→ **WHAT IS BEING ASKED**:
Extract exactly and only the lines of the data below, starting at the line with "this 1536×1152 image." and stopping after the final line.

→ **RECORDS FOR THE TASK**:
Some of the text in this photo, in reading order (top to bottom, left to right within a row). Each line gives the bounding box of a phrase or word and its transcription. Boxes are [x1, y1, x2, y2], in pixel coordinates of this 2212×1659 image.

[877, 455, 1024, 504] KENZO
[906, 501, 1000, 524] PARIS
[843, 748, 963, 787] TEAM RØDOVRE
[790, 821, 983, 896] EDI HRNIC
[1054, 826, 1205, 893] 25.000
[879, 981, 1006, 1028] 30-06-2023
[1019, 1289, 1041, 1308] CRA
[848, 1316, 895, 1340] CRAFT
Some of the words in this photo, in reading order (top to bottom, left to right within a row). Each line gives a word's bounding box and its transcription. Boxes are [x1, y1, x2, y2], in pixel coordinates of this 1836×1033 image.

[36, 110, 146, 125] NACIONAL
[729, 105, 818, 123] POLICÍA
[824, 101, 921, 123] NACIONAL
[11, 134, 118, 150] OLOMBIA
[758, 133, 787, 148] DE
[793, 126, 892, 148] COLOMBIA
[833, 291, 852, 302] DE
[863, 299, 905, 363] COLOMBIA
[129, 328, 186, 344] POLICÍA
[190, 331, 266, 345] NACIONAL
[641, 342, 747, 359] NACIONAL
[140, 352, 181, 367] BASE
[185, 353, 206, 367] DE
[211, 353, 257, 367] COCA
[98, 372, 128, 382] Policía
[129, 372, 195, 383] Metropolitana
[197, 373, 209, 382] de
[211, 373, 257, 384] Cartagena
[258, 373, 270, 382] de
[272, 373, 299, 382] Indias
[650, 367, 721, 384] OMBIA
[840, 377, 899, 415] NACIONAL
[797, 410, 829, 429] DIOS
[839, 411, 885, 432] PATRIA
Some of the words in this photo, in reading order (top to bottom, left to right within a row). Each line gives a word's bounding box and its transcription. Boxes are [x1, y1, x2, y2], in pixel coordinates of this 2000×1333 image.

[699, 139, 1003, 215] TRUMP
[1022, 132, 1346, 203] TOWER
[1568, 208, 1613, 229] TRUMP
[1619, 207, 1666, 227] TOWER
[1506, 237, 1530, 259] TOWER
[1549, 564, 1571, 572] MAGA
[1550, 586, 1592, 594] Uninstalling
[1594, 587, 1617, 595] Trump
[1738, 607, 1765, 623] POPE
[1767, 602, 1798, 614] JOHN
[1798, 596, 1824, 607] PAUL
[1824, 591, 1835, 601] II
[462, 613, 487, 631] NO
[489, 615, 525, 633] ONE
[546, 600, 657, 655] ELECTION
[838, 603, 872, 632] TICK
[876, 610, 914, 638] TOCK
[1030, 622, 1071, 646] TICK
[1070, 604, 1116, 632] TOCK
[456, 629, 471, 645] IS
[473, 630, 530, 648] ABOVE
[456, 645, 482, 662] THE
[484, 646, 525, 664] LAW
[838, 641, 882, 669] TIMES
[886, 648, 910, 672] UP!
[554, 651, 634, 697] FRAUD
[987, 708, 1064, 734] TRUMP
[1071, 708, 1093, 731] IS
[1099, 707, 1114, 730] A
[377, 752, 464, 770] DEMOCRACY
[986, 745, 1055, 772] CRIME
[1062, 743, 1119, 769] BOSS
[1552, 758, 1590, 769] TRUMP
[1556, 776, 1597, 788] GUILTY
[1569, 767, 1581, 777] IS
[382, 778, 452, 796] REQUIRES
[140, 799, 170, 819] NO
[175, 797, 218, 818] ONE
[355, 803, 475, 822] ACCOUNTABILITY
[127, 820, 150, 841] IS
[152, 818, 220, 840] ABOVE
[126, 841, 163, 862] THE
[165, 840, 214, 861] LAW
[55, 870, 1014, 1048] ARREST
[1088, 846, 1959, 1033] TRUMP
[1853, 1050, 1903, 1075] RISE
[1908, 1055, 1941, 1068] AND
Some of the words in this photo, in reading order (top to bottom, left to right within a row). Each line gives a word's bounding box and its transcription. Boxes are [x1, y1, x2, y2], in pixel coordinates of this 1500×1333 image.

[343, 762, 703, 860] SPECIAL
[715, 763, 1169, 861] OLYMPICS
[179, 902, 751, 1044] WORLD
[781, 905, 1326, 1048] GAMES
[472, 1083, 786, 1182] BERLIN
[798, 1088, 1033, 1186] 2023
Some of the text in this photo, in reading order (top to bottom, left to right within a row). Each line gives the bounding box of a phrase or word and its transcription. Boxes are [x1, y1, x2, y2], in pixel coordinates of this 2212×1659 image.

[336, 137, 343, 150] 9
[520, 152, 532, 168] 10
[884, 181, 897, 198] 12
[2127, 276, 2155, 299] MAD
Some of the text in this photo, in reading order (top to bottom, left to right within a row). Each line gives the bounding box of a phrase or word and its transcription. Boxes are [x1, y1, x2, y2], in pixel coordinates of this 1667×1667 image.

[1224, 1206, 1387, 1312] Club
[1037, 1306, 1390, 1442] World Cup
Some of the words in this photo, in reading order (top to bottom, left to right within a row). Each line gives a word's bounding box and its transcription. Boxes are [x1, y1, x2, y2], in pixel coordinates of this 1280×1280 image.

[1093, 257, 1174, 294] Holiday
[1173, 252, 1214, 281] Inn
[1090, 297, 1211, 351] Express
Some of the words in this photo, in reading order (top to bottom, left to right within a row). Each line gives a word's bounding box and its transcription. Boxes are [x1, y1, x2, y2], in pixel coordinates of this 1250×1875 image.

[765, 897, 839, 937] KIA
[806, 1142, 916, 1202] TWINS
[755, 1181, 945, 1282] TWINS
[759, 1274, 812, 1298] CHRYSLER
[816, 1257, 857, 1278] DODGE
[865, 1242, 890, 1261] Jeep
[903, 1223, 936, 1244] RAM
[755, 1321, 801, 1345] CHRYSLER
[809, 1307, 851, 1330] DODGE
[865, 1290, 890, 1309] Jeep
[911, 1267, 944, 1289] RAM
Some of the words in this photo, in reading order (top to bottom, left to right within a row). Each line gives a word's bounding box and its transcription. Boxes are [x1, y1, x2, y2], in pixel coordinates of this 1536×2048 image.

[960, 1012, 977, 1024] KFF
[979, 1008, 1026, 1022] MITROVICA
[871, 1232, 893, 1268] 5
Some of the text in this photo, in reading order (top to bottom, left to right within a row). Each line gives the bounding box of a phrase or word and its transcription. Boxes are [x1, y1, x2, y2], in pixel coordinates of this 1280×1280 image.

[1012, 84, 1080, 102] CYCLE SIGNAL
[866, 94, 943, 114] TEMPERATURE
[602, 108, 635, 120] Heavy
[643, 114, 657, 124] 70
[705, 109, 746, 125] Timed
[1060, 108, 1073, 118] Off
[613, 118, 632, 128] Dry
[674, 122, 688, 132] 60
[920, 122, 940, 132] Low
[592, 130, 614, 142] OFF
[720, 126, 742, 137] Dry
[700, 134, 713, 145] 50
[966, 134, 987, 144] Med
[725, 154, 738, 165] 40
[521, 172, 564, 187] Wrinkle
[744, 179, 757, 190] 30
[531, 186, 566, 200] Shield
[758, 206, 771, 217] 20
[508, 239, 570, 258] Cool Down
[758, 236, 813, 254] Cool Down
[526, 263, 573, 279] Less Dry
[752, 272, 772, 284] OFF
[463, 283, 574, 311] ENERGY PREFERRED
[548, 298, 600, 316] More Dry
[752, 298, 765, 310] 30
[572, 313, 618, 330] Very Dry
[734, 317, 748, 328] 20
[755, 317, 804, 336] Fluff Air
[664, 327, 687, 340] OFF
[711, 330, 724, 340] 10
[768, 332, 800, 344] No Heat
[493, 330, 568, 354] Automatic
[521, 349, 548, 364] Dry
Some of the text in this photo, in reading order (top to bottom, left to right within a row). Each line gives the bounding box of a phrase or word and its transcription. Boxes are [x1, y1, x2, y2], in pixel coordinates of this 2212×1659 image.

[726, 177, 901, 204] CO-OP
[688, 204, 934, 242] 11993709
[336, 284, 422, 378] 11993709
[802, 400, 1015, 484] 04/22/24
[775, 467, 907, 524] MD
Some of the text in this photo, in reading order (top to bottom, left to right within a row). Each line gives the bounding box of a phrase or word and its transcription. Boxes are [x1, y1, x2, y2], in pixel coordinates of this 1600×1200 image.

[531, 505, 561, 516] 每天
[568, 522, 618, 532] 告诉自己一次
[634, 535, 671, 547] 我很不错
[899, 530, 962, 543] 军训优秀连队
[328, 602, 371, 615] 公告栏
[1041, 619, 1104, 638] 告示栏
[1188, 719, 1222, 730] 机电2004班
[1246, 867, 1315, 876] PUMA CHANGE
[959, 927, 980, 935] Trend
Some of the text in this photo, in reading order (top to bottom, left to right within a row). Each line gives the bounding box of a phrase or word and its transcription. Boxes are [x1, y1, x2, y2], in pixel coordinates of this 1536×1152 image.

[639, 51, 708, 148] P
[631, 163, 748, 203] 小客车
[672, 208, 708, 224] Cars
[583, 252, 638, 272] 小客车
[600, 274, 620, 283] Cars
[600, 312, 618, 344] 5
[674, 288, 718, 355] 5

→ **ANSWER TO THIS TASK**:
Some of the text in this photo, in reading order (top to bottom, left to right within a row). Each line gives the bounding box of a phrase or word and its transcription. Boxes are [x1, y1, x2, y2], in pixel coordinates of this 1536×1152 image.

[639, 51, 708, 148] P
[631, 163, 748, 203] 小客车
[672, 208, 708, 224] Cars
[583, 252, 638, 272] 小客车
[600, 274, 620, 283] Cars
[600, 312, 618, 344] 5
[674, 288, 718, 355] 5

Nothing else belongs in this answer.